Task prompt —
Take the whole listing and reproduce it exactly, pictures excepted.

━━━━━━━━━━━━━━━━━━━━━━━━━━━━━━

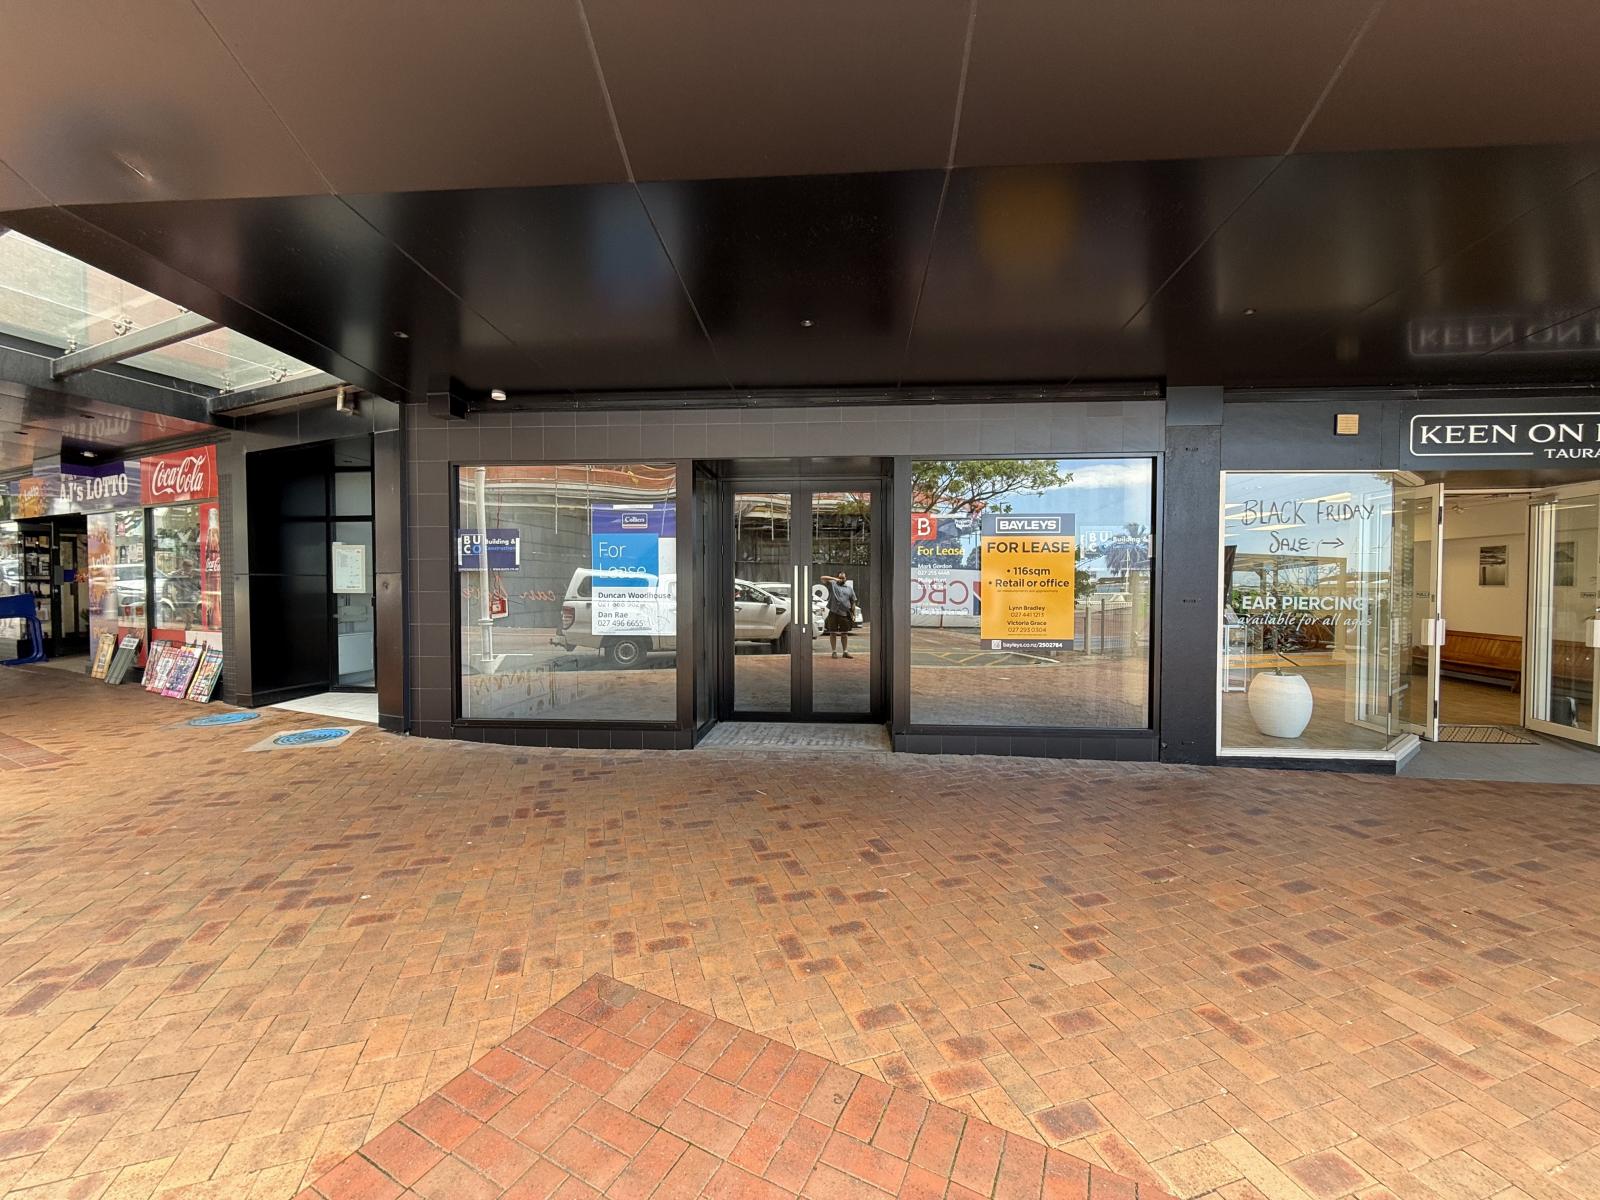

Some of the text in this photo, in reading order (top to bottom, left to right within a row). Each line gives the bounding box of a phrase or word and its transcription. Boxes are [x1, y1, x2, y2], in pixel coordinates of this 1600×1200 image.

[1420, 424, 1517, 444] KEEN
[1528, 423, 1584, 443] ON
[151, 454, 206, 496] Coca-Cola
[60, 474, 128, 503] AJ's LOTTO
[1241, 499, 1375, 526] BLACK FRIDAY
[1000, 520, 1056, 530] BAYLEYS
[987, 541, 1070, 553] FOR LEASE
[1269, 530, 1311, 553] SALE
[599, 541, 626, 558] For
[917, 545, 966, 556] For Lease
[1013, 566, 1051, 577] 116sqm
[995, 578, 1070, 588] Retail or office
[1242, 596, 1368, 611] EAR PIERCING
[598, 611, 629, 619] Dan Rae
[1238, 612, 1373, 632] available for all ages
[597, 619, 644, 627] 027 496 6655
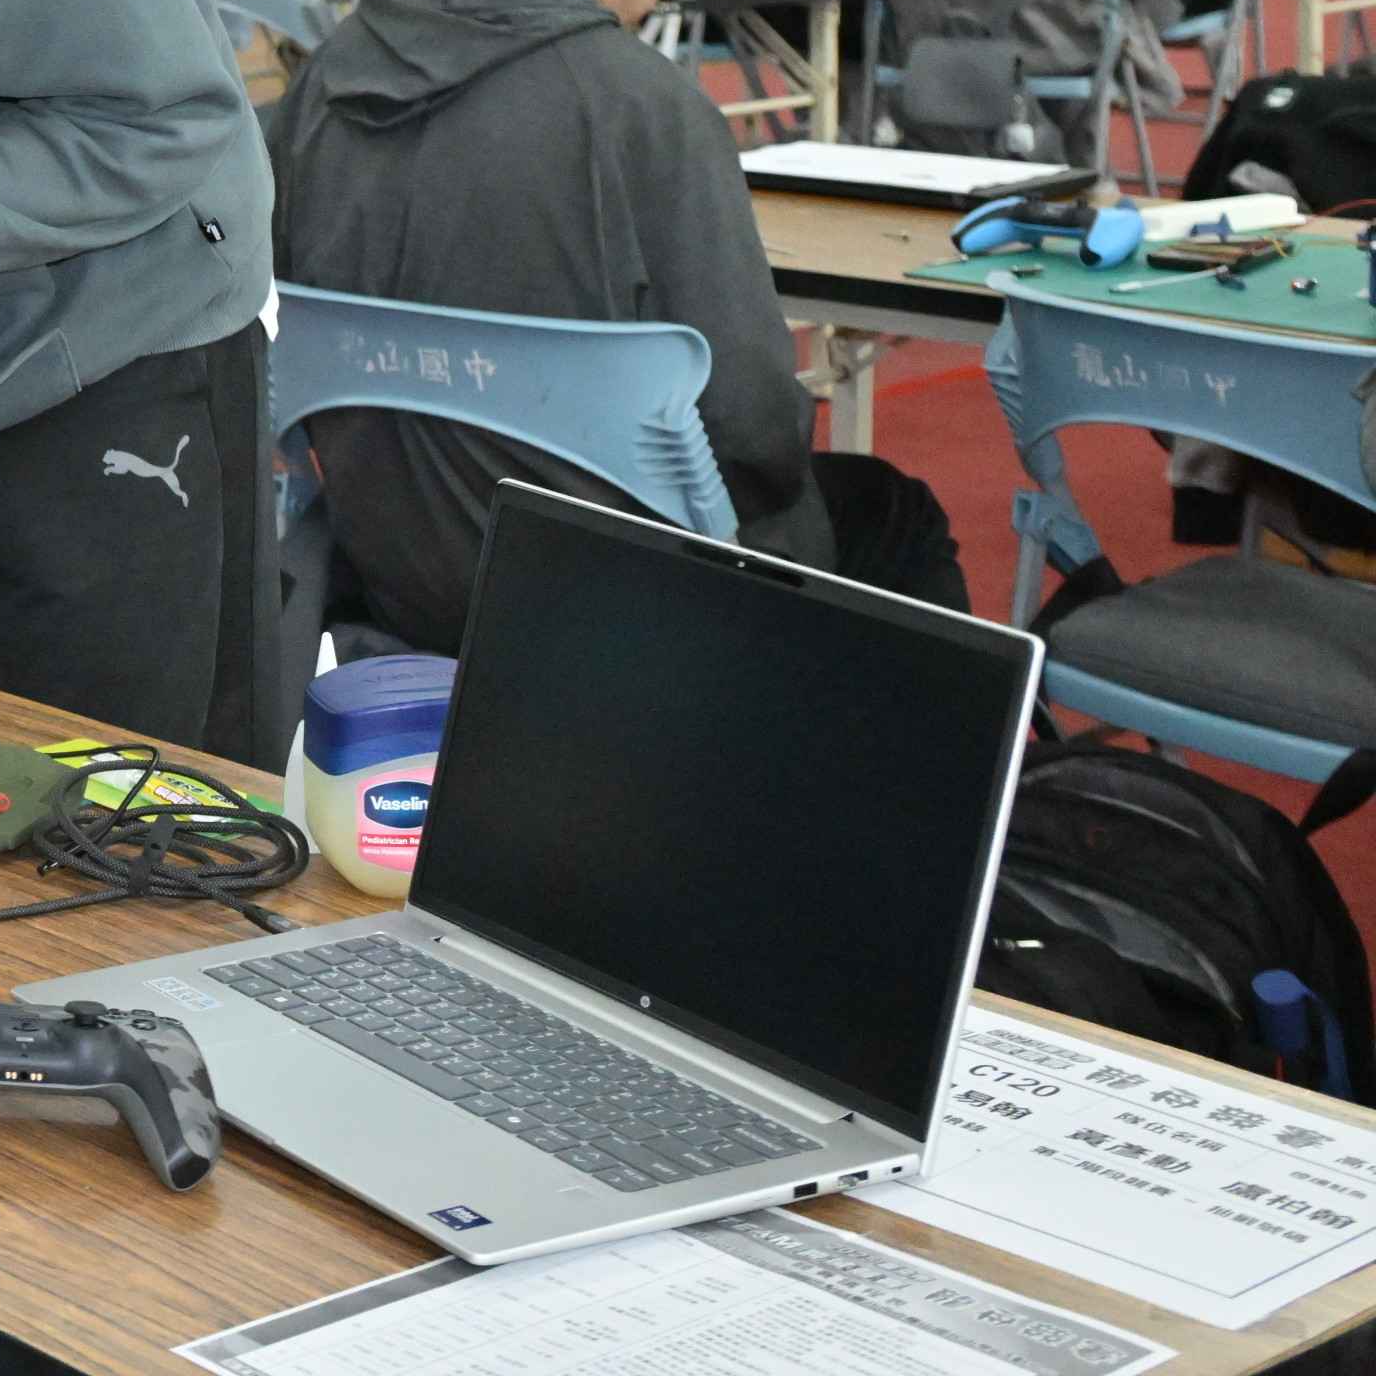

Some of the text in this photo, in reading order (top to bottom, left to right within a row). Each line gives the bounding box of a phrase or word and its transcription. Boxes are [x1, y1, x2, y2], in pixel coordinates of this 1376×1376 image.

[370, 796, 428, 811] Vaselin
[969, 1064, 1060, 1098] C120
[950, 1083, 1032, 1120] 易翰

━━━━━━━━━━━━━━━━━━━━━━━━━━━━━━

Answer below —
Some of the text in this photo, in reading order (top to bottom, left to right within a row). Each line gives the bounding box of a phrase or word and its transcription. Boxes are [x1, y1, x2, y2], in pixel coordinates of this 1600×1200 image.

[1420, 424, 1517, 444] KEEN
[1528, 423, 1584, 443] ON
[151, 454, 206, 496] Coca-Cola
[60, 474, 128, 503] AJ's LOTTO
[1241, 499, 1375, 526] BLACK FRIDAY
[1000, 520, 1056, 530] BAYLEYS
[987, 541, 1070, 553] FOR LEASE
[1269, 530, 1311, 553] SALE
[599, 541, 626, 558] For
[917, 545, 966, 556] For Lease
[1013, 566, 1051, 577] 116sqm
[995, 578, 1070, 588] Retail or office
[1242, 596, 1368, 611] EAR PIERCING
[598, 611, 629, 619] Dan Rae
[1238, 612, 1373, 632] available for all ages
[597, 619, 644, 627] 027 496 6655

Some of the text in this photo, in reading order (top to bottom, left to right within a row). Each line gives the bounding box of a phrase or word and its transcription. Boxes are [x1, y1, x2, y2], in pixel coordinates of this 1376×1376 image.

[370, 796, 428, 811] Vaselin
[969, 1064, 1060, 1098] C120
[950, 1083, 1032, 1120] 易翰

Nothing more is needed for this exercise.